Stored data entries:
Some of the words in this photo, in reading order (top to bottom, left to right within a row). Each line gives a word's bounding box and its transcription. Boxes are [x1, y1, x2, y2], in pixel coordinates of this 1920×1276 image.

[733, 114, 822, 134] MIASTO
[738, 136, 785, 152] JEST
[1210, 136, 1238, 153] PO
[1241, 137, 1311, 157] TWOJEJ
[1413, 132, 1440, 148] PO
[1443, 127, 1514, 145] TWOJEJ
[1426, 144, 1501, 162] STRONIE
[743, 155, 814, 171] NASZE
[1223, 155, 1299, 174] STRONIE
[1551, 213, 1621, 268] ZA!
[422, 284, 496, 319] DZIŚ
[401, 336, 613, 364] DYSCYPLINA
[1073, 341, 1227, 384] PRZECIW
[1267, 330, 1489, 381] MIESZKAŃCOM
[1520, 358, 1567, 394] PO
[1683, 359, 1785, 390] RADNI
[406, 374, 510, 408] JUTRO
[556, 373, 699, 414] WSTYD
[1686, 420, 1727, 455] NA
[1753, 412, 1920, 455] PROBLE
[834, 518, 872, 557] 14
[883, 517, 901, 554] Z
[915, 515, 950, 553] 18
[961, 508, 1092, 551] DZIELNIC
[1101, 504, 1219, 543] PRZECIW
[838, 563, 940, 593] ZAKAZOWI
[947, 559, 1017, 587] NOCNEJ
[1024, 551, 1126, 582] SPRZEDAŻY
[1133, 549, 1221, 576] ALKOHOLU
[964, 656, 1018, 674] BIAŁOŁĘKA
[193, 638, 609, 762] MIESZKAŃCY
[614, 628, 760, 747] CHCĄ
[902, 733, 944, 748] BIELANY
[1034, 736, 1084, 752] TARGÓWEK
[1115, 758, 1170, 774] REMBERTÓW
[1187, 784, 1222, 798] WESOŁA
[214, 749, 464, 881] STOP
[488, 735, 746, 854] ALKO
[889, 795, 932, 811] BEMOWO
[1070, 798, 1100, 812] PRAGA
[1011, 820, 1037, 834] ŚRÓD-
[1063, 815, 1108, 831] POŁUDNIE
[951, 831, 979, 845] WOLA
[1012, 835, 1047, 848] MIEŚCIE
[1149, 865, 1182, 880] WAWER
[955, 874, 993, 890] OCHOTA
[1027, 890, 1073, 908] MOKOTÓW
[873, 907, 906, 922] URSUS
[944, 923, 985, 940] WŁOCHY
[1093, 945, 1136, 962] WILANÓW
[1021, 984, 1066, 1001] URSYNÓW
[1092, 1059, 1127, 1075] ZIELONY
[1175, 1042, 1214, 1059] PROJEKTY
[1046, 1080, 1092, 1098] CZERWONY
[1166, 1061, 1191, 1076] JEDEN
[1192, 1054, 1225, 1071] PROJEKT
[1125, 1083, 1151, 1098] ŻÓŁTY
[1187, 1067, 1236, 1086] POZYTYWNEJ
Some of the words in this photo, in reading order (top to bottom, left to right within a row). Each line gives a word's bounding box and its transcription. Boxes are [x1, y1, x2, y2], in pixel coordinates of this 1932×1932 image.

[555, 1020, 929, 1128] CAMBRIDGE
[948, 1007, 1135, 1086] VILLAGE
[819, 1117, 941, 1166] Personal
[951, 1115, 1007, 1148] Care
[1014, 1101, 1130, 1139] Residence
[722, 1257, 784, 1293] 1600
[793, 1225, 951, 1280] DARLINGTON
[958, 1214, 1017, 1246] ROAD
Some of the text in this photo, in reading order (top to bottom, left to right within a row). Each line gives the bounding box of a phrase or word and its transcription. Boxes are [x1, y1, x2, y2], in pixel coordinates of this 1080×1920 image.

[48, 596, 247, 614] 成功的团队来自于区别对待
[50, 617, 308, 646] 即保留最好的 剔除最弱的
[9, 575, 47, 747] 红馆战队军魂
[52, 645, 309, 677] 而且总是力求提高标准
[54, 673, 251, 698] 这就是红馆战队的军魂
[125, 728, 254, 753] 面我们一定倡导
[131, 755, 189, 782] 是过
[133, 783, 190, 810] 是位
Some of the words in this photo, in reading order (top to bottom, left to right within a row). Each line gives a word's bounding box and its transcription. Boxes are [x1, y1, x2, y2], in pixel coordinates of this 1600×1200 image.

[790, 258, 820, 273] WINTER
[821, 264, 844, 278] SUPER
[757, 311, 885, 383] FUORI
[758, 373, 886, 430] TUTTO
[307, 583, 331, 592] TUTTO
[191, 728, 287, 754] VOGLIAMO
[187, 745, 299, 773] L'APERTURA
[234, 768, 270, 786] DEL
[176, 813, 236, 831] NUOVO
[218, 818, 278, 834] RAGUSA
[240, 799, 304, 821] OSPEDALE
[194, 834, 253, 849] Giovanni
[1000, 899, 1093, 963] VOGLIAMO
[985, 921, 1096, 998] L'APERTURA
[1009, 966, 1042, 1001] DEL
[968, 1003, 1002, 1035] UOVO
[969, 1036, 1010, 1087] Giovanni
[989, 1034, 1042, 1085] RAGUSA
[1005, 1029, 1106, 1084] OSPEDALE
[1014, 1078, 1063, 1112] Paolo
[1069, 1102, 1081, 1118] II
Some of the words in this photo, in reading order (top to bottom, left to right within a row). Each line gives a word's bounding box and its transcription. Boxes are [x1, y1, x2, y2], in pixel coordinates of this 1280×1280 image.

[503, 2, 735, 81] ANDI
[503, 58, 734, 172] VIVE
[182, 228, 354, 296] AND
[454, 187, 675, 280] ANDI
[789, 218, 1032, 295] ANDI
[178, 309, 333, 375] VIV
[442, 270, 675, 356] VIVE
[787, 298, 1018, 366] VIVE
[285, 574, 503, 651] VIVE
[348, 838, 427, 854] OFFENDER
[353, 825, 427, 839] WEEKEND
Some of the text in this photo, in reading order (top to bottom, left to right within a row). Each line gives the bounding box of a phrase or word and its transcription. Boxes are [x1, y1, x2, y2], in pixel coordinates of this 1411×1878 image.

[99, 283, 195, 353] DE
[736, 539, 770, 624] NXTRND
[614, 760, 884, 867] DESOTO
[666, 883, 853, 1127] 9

Exercise directions: Copy out the full set of records precisely, leaving nothing out.

Reply to the exercise:
Some of the words in this photo, in reading order (top to bottom, left to right within a row). Each line gives a word's bounding box and its transcription. Boxes are [x1, y1, x2, y2], in pixel coordinates of this 1920×1276 image.

[733, 114, 822, 134] MIASTO
[738, 136, 785, 152] JEST
[1210, 136, 1238, 153] PO
[1241, 137, 1311, 157] TWOJEJ
[1413, 132, 1440, 148] PO
[1443, 127, 1514, 145] TWOJEJ
[1426, 144, 1501, 162] STRONIE
[743, 155, 814, 171] NASZE
[1223, 155, 1299, 174] STRONIE
[1551, 213, 1621, 268] ZA!
[422, 284, 496, 319] DZIŚ
[401, 336, 613, 364] DYSCYPLINA
[1073, 341, 1227, 384] PRZECIW
[1267, 330, 1489, 381] MIESZKAŃCOM
[1520, 358, 1567, 394] PO
[1683, 359, 1785, 390] RADNI
[406, 374, 510, 408] JUTRO
[556, 373, 699, 414] WSTYD
[1686, 420, 1727, 455] NA
[1753, 412, 1920, 455] PROBLE
[834, 518, 872, 557] 14
[883, 517, 901, 554] Z
[915, 515, 950, 553] 18
[961, 508, 1092, 551] DZIELNIC
[1101, 504, 1219, 543] PRZECIW
[838, 563, 940, 593] ZAKAZOWI
[947, 559, 1017, 587] NOCNEJ
[1024, 551, 1126, 582] SPRZEDAŻY
[1133, 549, 1221, 576] ALKOHOLU
[964, 656, 1018, 674] BIAŁOŁĘKA
[193, 638, 609, 762] MIESZKAŃCY
[614, 628, 760, 747] CHCĄ
[902, 733, 944, 748] BIELANY
[1034, 736, 1084, 752] TARGÓWEK
[1115, 758, 1170, 774] REMBERTÓW
[1187, 784, 1222, 798] WESOŁA
[214, 749, 464, 881] STOP
[488, 735, 746, 854] ALKO
[889, 795, 932, 811] BEMOWO
[1070, 798, 1100, 812] PRAGA
[1011, 820, 1037, 834] ŚRÓD-
[1063, 815, 1108, 831] POŁUDNIE
[951, 831, 979, 845] WOLA
[1012, 835, 1047, 848] MIEŚCIE
[1149, 865, 1182, 880] WAWER
[955, 874, 993, 890] OCHOTA
[1027, 890, 1073, 908] MOKOTÓW
[873, 907, 906, 922] URSUS
[944, 923, 985, 940] WŁOCHY
[1093, 945, 1136, 962] WILANÓW
[1021, 984, 1066, 1001] URSYNÓW
[1092, 1059, 1127, 1075] ZIELONY
[1175, 1042, 1214, 1059] PROJEKTY
[1046, 1080, 1092, 1098] CZERWONY
[1166, 1061, 1191, 1076] JEDEN
[1192, 1054, 1225, 1071] PROJEKT
[1125, 1083, 1151, 1098] ŻÓŁTY
[1187, 1067, 1236, 1086] POZYTYWNEJ
Some of the words in this photo, in reading order (top to bottom, left to right within a row). Each line gives a word's bounding box and its transcription. Boxes are [x1, y1, x2, y2], in pixel coordinates of this 1932×1932 image.

[555, 1020, 929, 1128] CAMBRIDGE
[948, 1007, 1135, 1086] VILLAGE
[819, 1117, 941, 1166] Personal
[951, 1115, 1007, 1148] Care
[1014, 1101, 1130, 1139] Residence
[722, 1257, 784, 1293] 1600
[793, 1225, 951, 1280] DARLINGTON
[958, 1214, 1017, 1246] ROAD
Some of the text in this photo, in reading order (top to bottom, left to right within a row). Each line gives the bounding box of a phrase or word and its transcription. Boxes are [x1, y1, x2, y2], in pixel coordinates of this 1080×1920 image.

[48, 596, 247, 614] 成功的团队来自于区别对待
[50, 617, 308, 646] 即保留最好的 剔除最弱的
[9, 575, 47, 747] 红馆战队军魂
[52, 645, 309, 677] 而且总是力求提高标准
[54, 673, 251, 698] 这就是红馆战队的军魂
[125, 728, 254, 753] 面我们一定倡导
[131, 755, 189, 782] 是过
[133, 783, 190, 810] 是位
Some of the words in this photo, in reading order (top to bottom, left to right within a row). Each line gives a word's bounding box and its transcription. Boxes are [x1, y1, x2, y2], in pixel coordinates of this 1600×1200 image.

[790, 258, 820, 273] WINTER
[821, 264, 844, 278] SUPER
[757, 311, 885, 383] FUORI
[758, 373, 886, 430] TUTTO
[307, 583, 331, 592] TUTTO
[191, 728, 287, 754] VOGLIAMO
[187, 745, 299, 773] L'APERTURA
[234, 768, 270, 786] DEL
[176, 813, 236, 831] NUOVO
[218, 818, 278, 834] RAGUSA
[240, 799, 304, 821] OSPEDALE
[194, 834, 253, 849] Giovanni
[1000, 899, 1093, 963] VOGLIAMO
[985, 921, 1096, 998] L'APERTURA
[1009, 966, 1042, 1001] DEL
[968, 1003, 1002, 1035] UOVO
[969, 1036, 1010, 1087] Giovanni
[989, 1034, 1042, 1085] RAGUSA
[1005, 1029, 1106, 1084] OSPEDALE
[1014, 1078, 1063, 1112] Paolo
[1069, 1102, 1081, 1118] II
Some of the words in this photo, in reading order (top to bottom, left to right within a row). Each line gives a word's bounding box and its transcription. Boxes are [x1, y1, x2, y2], in pixel coordinates of this 1280×1280 image.

[503, 2, 735, 81] ANDI
[503, 58, 734, 172] VIVE
[182, 228, 354, 296] AND
[454, 187, 675, 280] ANDI
[789, 218, 1032, 295] ANDI
[178, 309, 333, 375] VIV
[442, 270, 675, 356] VIVE
[787, 298, 1018, 366] VIVE
[285, 574, 503, 651] VIVE
[348, 838, 427, 854] OFFENDER
[353, 825, 427, 839] WEEKEND
Some of the text in this photo, in reading order (top to bottom, left to right within a row). Each line gives the bounding box of a phrase or word and its transcription. Boxes are [x1, y1, x2, y2], in pixel coordinates of this 1411×1878 image.

[99, 283, 195, 353] DE
[736, 539, 770, 624] NXTRND
[614, 760, 884, 867] DESOTO
[666, 883, 853, 1127] 9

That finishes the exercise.